- Born: 24 December 1878 Würzburg, Germany
- Died: 16 September 1955 (aged 76)
- Citizenship: German
- Occupation: Internist

= Gustav von Bergmann =

German physician (1878–1955)

Gustav von Bergmann (24 December 1878 - 16 September 1955) was a German internist born in Würzburg. He was the son of renowned surgeon Ernst von Bergmann (1836–1907).

== Education ==
In 1903, he received his doctorate at the University of Strasbourg, and afterwards worked at the second medical hospital in Berlin under Friedrich Kraus. In 1916, he became a full professor of internal medicine at Marburg University, and later a professor at the University of Frankfurt am Main (from 1920), the Berlin Charité (from 1927) and the Ludwig-Maximilians-Universität München (from 1946).

== Career ==
He was a proponent of "functional pathology", and is considered to be one of the founders of psychosomatic medicine. His research involved investigations into gastro-intestinal ulcers, hypertension and studies of the autonomic nervous system. From 1994 to 2010, the Gustav-von-Bergmann-Medaille was the highest honor awarded by the German Society of Internal Medicine.

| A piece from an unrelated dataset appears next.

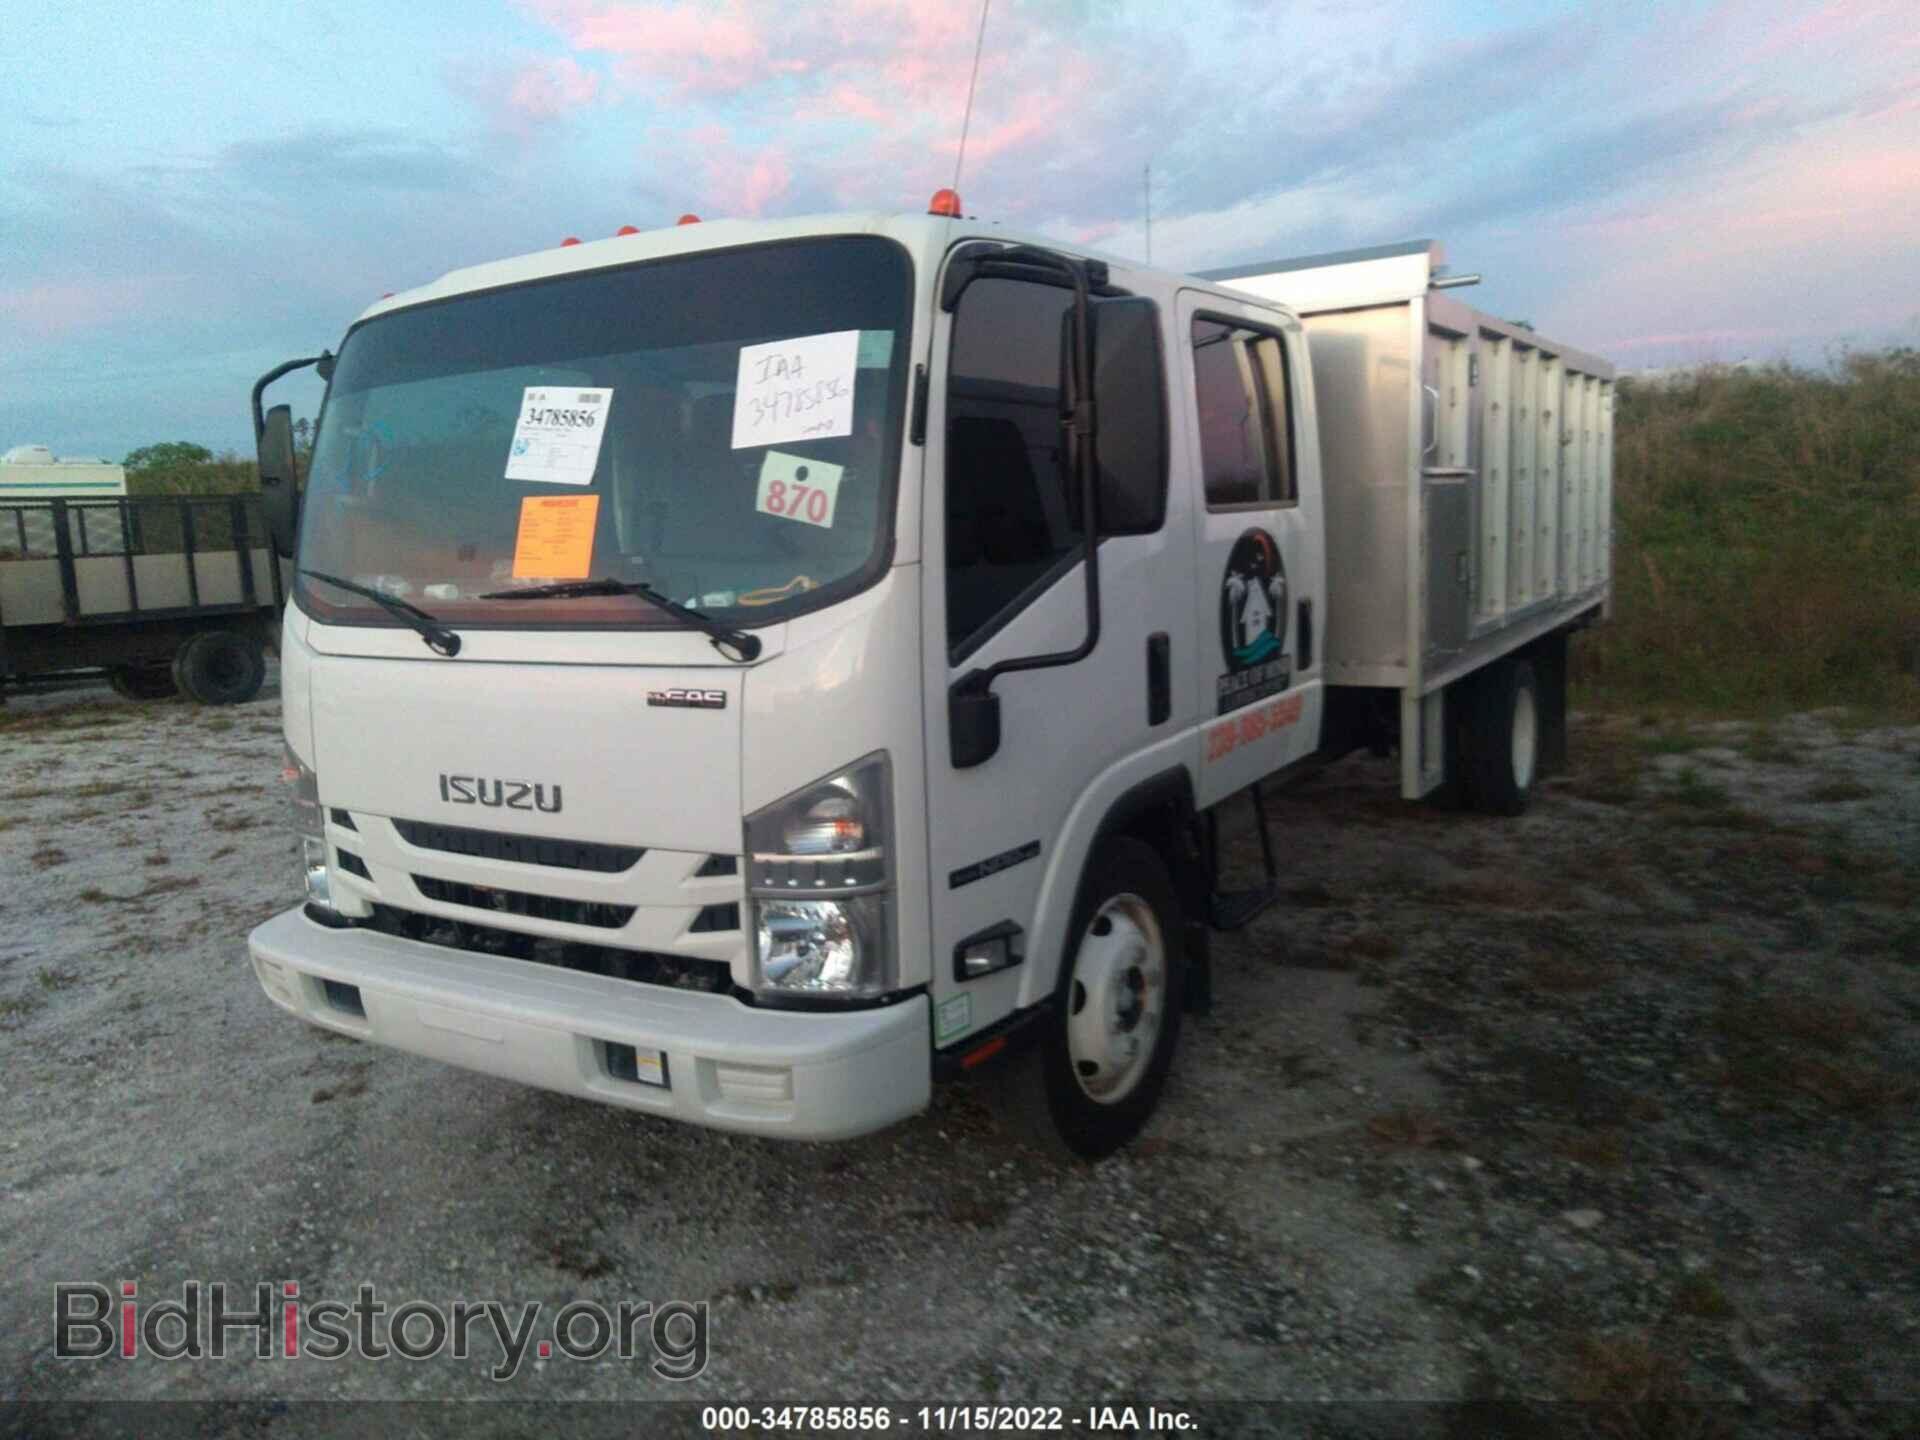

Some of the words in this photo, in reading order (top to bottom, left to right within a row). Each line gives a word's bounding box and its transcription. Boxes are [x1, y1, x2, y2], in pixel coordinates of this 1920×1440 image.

[525, 406, 596, 428] 34785856
[765, 479, 829, 524] 870
[439, 773, 563, 813] ISUZU

With Albrecht Bethe and Gustav Georg Embden, he was co-publisher of the multi-volume Handbuch der normalen und pathologischen Physiologie. With Rudolf Stähelin, he published the second edition of Handbuch der inneren Medizin. Other noted works of his include:
- Das vegetative Nervensystem und seine Störungen (The autonomic nervous system and its disorders). 1926.
- Funktionelle Pathologie (Functional pathology), 1932.
- Neues Denken in der Medizin (New reasoning in medicine), 1947.

He attended to physiologist Emil von Behring during the night prior to Behring's death of a pulmonary inflammation on March 31, 1917.